Generated by GPT-5-mini| Department of Defense Instruction 6130.03 | |
|---|---|
| Name | Department of Defense Instruction 6130.03 |
| Jurisdiction | United States |
| Issued | 2018 |
| Supersedes | 1991 instruction variants |
Department of Defense Instruction 6130.03
Department of Defense Instruction 6130.03 sets the medical standards for appointment, enlistment, or induction into the United States Armed Forces and establishes procedures for medical accession standards across the United States Army, United States Navy, United States Air Force, United States Marine Corps, and United States Coast Guard. The instruction interfaces with standards applied by the Selective Service System, the Military Entrance Processing Command, and service-specific recruiting commands while aligning with policies from the Office of the Secretary of Defense and guidance influenced by decisions from the United States Congress and rulings by the United States Court of Appeals.
The instruction defines physical, mental, and moral medical criteria governing accession into the United States Armed Forces and provides standardized forms and processes coordinated with the Armed Forces Health Surveillance Division, the Defense Health Agency, and the Surgeon General of the Army. It codifies clinical screening processes used at Military Entrance Processing Station facilities and integrates medical examination protocols modeled on standards from the World Health Organization and occupational criteria referenced by the Occupational Safety and Health Administration. The document is used by service recruiters, medical corps leadership such as the Surgeon General of the Navy and Air Force Medical Service, and by legal offices including the Judge Advocate General's Corps for policy interpretation.
Medical criteria encompass vision, hearing, infectious disease history, musculoskeletal integrity, mental health history, and congenital conditions, drawing on diagnostic classifications used by the American Medical Association and the American Psychiatric Association. Standards reference screening for conditions like color vision deficiency recognized in aviation contexts by the Federal Aviation Administration, orthopedic limitations that would affect amphibious operations coordinated with United States Fleet Marine Force requirements, and dermatological conditions that affect deployment to environments considered by the National Oceanic and Atmospheric Administration.
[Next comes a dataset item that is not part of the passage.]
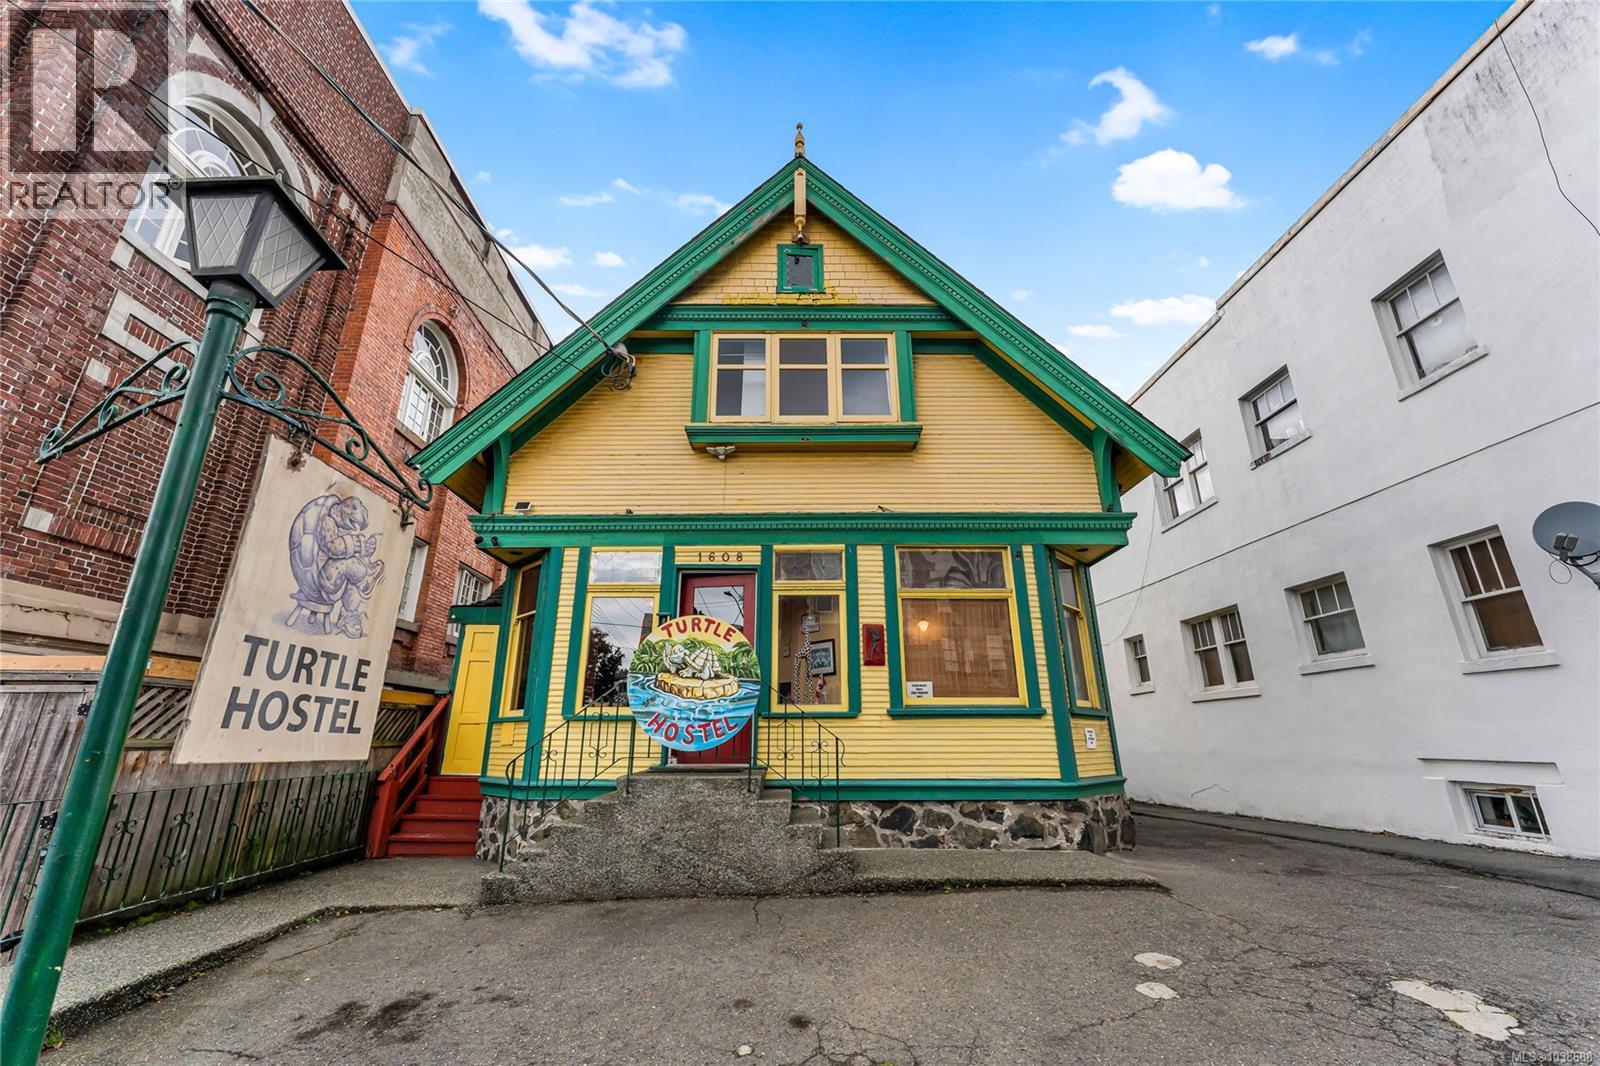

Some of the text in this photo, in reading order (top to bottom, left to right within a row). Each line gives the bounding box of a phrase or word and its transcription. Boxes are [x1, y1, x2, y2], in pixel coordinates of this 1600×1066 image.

The instruction interacts with determinations made by panels such as Medical Evaluation Boards and Physical Evaluation Boards coordinated with the Department of Veterans Affairs and informed by case law from the United States Supreme Court on disability classifications.
Each service branch—the United States Army, United States Navy, United States Air Force, United States Marine Corps, and United States Coast Guard—implement the instruction within service accession and retention policies and maintain waiver authorities aligned with service secretarial delegations and guidance from the Secretary of Defense. Waiver processes often require concurrence from service medical review boards, the Defense Health Agency, and in some cases interagency coordination with the Department of Homeland Security or consultation with the National Institutes of Health for rare conditions. Historical precedent for waivers has been observed in recruitment adjustments during mobilizations such as the Gulf War and the War in Afghanistan, where accession standards were temporarily reinterpreted to meet force generation requirements.
The instruction evolved from earlier Department of Defense accession standards developed during the post-World War II reorganization of the United States military and subsequent updates following operational lessons from the Korean War, Vietnam War, and later conflicts. Major revisions reflect medical advances, biometric screening technologies from institutions like Johns Hopkins University and Mayo Clinic, and legislative changes enacted by the United States Congress such as amendments to Title 10 of the United States Code. Revisions have been influenced by inquiries following incidents investigated by committees of the United States Senate and reports from oversight bodies like the Government Accountability Office.
The instruction has had substantive effects on recruitment demographics, readiness metrics, and personnel policy debated in forums including hearings before the United States House Armed Services Committee and analyses by think tanks such as the Brookings Institution and the Heritage Foundation. Controversies have included debates over medical disqualifications related to mental health diagnoses informed by the American Psychiatric Association DSM criteria, service access for applicants with prior injuries but relevant skills as advocated by organizations like the Wounded Warrior Project, and disputes over implementation impacting staffing during operations examined in reporting by outlets such as the New York Times and the Washington Post. Litigation and policy challenges have been presented in federal courts including the United States District Court for the District of Columbia.
Implementation requires training of recruiters and medical personnel, maintenance of medical records in systems aligned with the Defense Medical Information System Modernization and compliance audits by offices such as the Inspector General of the Department of Defense. Compliance processes involve Medical Evaluation Boards, waiver adjudication, and statistical reporting to readiness offices in the Joint Chiefs of Staff and operational commands including U.S. Central Command and U.S. Indo-Pacific Command. Continuous review cycles coordinate with scientific advisory panels from institutions like the National Academy of Medicine to update criteria based on epidemiological trends tracked by the Centers for Disease Control and Prevention and emergent battlefield medicine lessons from the Uniformed Services University of the Health Sciences.